═════ Given data ═════
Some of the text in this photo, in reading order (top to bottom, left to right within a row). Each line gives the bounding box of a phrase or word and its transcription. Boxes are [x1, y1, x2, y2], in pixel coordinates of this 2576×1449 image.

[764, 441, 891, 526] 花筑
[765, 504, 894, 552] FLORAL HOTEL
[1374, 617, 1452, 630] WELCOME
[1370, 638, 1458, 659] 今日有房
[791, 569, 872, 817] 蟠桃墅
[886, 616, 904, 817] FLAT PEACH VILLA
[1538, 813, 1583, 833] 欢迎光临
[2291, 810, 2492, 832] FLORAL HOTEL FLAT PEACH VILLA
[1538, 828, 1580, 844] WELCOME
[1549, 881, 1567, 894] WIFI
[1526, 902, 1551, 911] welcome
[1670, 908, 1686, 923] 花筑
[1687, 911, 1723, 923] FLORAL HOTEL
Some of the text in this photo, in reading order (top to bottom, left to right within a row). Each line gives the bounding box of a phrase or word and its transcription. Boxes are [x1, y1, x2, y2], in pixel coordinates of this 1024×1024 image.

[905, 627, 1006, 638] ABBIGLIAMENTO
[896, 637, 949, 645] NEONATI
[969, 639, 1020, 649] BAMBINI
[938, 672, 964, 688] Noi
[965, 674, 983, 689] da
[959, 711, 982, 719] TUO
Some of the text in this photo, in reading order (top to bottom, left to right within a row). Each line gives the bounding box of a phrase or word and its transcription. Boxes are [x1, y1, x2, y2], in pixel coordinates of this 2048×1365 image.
═════
* [What the task asks]: Your answer must be the full set of entries, copied exactly.

* [Result of this task]:
Some of the text in this photo, in reading order (top to bottom, left to right within a row). Each line gives the bounding box of a phrase or word and its transcription. Boxes are [x1, y1, x2, y2], in pixel coordinates of this 2576×1449 image.

[764, 441, 891, 526] 花筑
[765, 504, 894, 552] FLORAL HOTEL
[1374, 617, 1452, 630] WELCOME
[1370, 638, 1458, 659] 今日有房
[791, 569, 872, 817] 蟠桃墅
[886, 616, 904, 817] FLAT PEACH VILLA
[1538, 813, 1583, 833] 欢迎光临
[2291, 810, 2492, 832] FLORAL HOTEL FLAT PEACH VILLA
[1538, 828, 1580, 844] WELCOME
[1549, 881, 1567, 894] WIFI
[1526, 902, 1551, 911] welcome
[1670, 908, 1686, 923] 花筑
[1687, 911, 1723, 923] FLORAL HOTEL
Some of the text in this photo, in reading order (top to bottom, left to right within a row). Each line gives the bounding box of a phrase or word and its transcription. Boxes are [x1, y1, x2, y2], in pixel coordinates of this 1024×1024 image.

[905, 627, 1006, 638] ABBIGLIAMENTO
[896, 637, 949, 645] NEONATI
[969, 639, 1020, 649] BAMBINI
[938, 672, 964, 688] Noi
[965, 674, 983, 689] da
[959, 711, 982, 719] TUO
Some of the text in this photo, in reading order (top to bottom, left to right within a row). Each line gives the bounding box of a phrase or word and its transcription. Boxes are [x1, y1, x2, y2], in pixel coordinates of this 2048×1365 image.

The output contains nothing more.